Yesterday, while I
assembled a side table attempted to assemble a side table with terrible instructions and ill-fitting hardware, I was watching some Mystery Science Theater 3000: The Return. I found myself cringing through hands-down the worst fantasy movie I’ve ever seen, Wizards of the Lost Kingdom* (episode 10, by the way.) “Deep hurting! DEEP HURTING!!”
I’ve been reading about creating magic systems lately — it’s the part of Olivyn that needs the most planning — and one crucial element to work out is the cost of doing magic. Everything comes at a cost (or, TANSTAAFL, for my fellow Heinlein fans), and that includes magical/special powers. If it didn’t, why would it be special? And why wouldn’t everyone use it, all the time?

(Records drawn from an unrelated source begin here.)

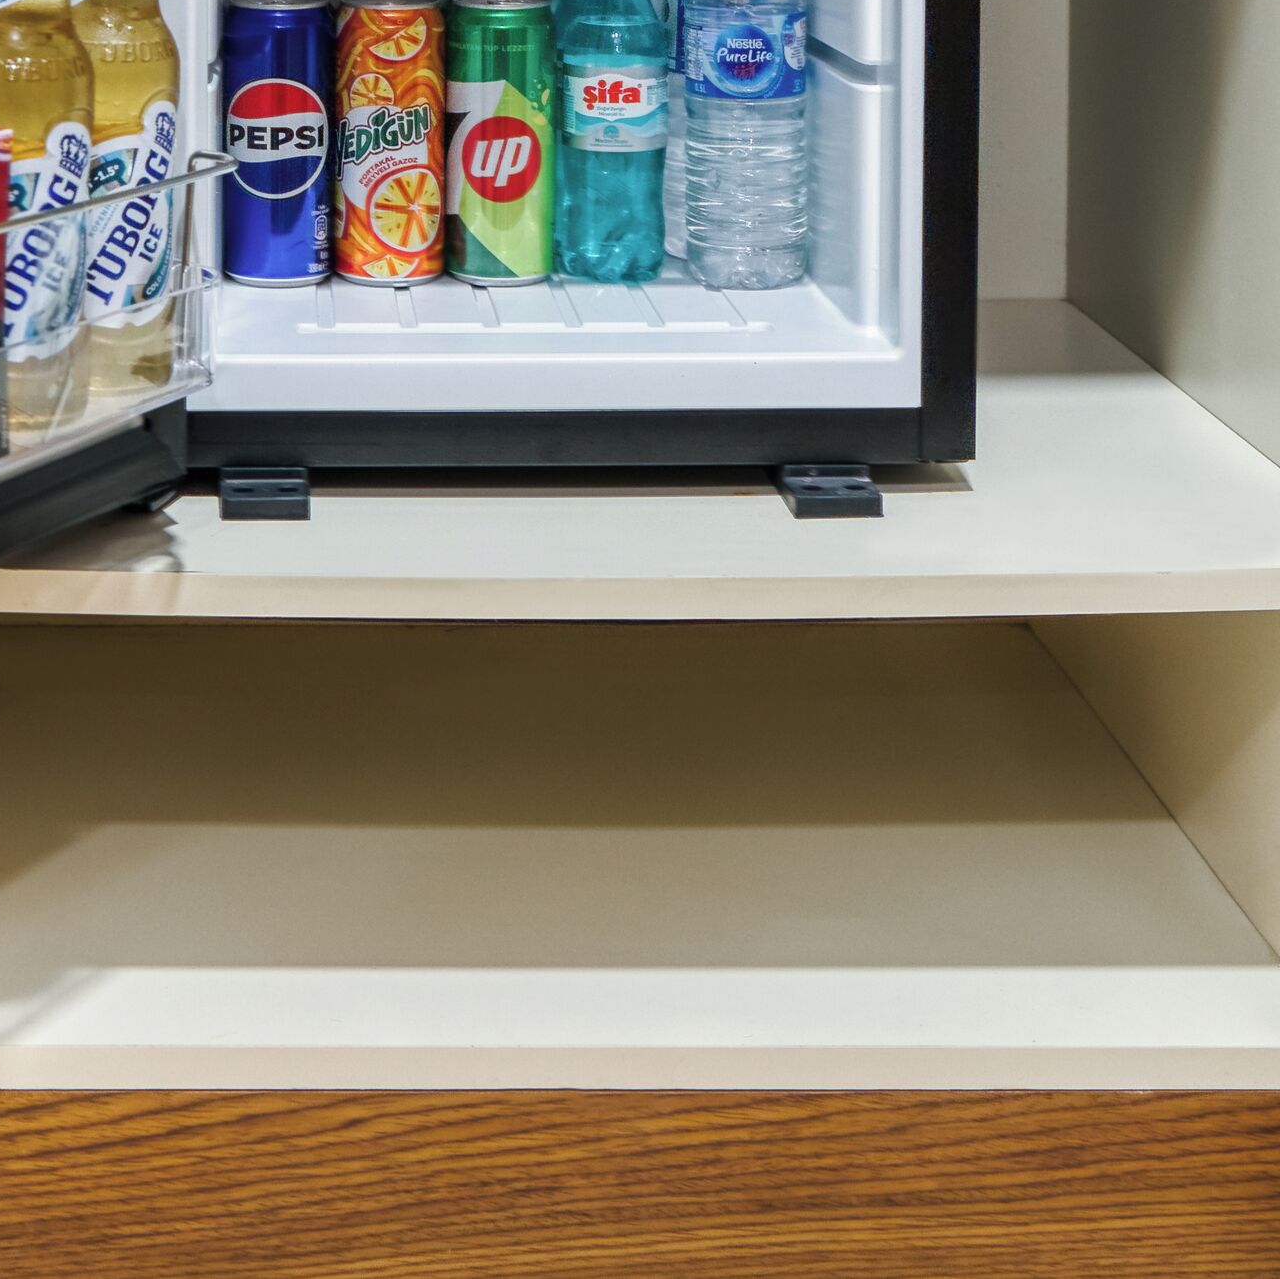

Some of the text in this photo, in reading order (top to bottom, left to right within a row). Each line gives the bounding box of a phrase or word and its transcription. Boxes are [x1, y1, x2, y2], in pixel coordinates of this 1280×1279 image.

[230, 124, 324, 150] PEPSI
[358, 155, 397, 185] PORTAKAL
[392, 156, 419, 167] GAZOZ
[138, 222, 163, 264] ICE
[41, 250, 70, 293] ICE

Instead, you see magic where it taxes the user physically. (A lot of magic seems to.) Perhaps there’s blood-letting involved, or the user has to drain life energy of someone, willing or unwilling. (Hart’s Hope comes to mind.) Usually there’s a social/cultural stigma towards magic-users. It might involve valuable objects, or rare materials. It may mark or maim the user’s body over time. It may tie them to a location (Uprooted), or bind them to a kingdom. They may be confronted with laws governing use, user, or both. It may damage them spiritually. (Harry Dresden.) The point is, magic costs you something. Or, at least, it should.

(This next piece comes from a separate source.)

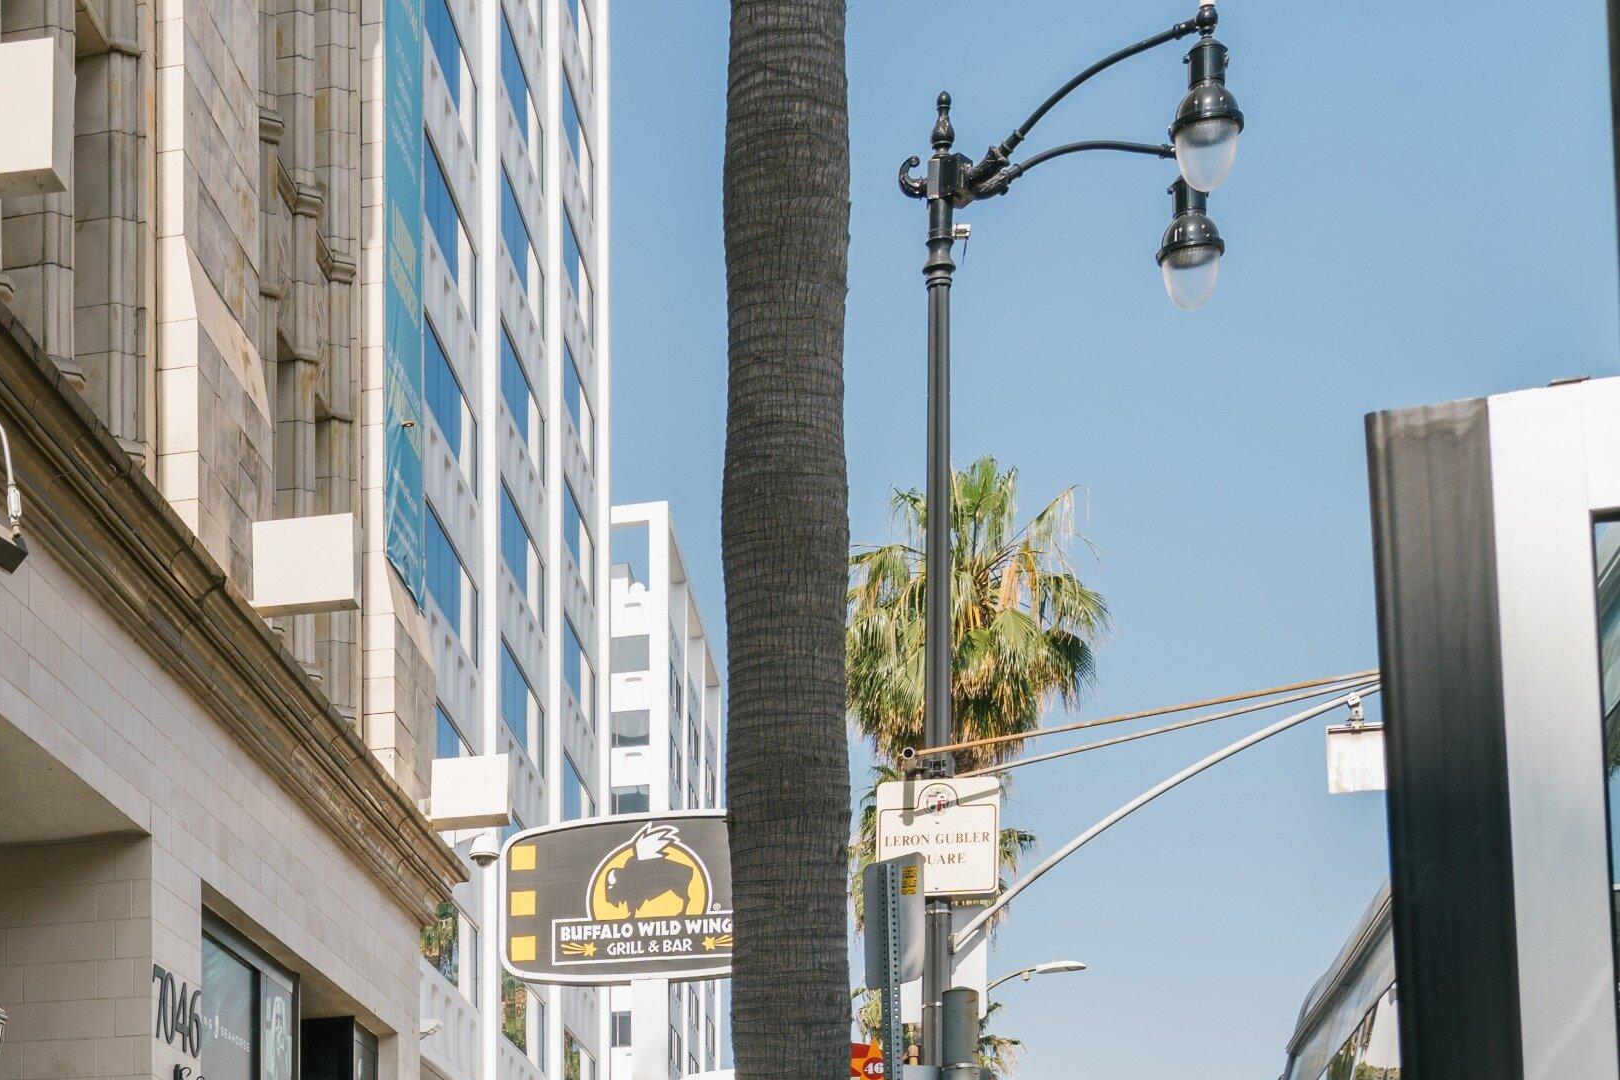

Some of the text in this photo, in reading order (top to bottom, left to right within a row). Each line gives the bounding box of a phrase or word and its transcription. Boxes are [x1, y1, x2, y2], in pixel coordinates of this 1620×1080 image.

Besides the multitude of other bad things about Wizards of the Lost Kingdom, I was struck by how the magic cost both protagonist and antagonist NOTHING. Zero. Zip. In a key moment, the evil-usurper-wizard**, having repeatedly threatened his prisoner (evil?-queen-wizard) by execution, and later, with a knife, turns around to discover her freed, and zap! Vanishes her. If he could do that the whole time, why then and not an hour earlier in the film? And if he can do that at any time, why do we care? There’s no dramatic tension. And the climactic battle between young-boy-king-wizard and evil-usurper-wizard becomes meaningless. Why doesn’t evil-usurper-wizard vanish the kid? Wouldn’t you, y’know, lead with that?
Anyway. I’m flogging a poorly-written movie possibly more than it deserves. (Maybe not. It really was quite bad.)
Point is, the reader/viewer has to care about what’s happening. A story solely made up of omnipotent characters would get boring pretty quick, as would an impossibly one-sided conflict. If the antagonist can nuke the protagonist on page one, why wouldn’t he? And why would we root for the other guy if he doesn’t stand a chance? The way to make them care is to balance the power (be that magical, mental, weapons, whatever) with costs and consequences.
* Most fantasy movies — not all, but MOST — made in the 1980s are deliriously bad. This one raised the bar for “terrible”… yet, somehow, someone thought it did well enough to merit a sequel, Wizards of the Lost Kingdom II (episode 11). Yes. You read that right. They made a SEQUEL of this terrible, terrible movie. Far as I could tell, the sequel is about a teenage wizard discovering girls for the first time. Oh, and magic. I guess. Kind of.
** No, I don’t remember any of the names. This movie is barely watchable with riffing, as background noise while doing something else.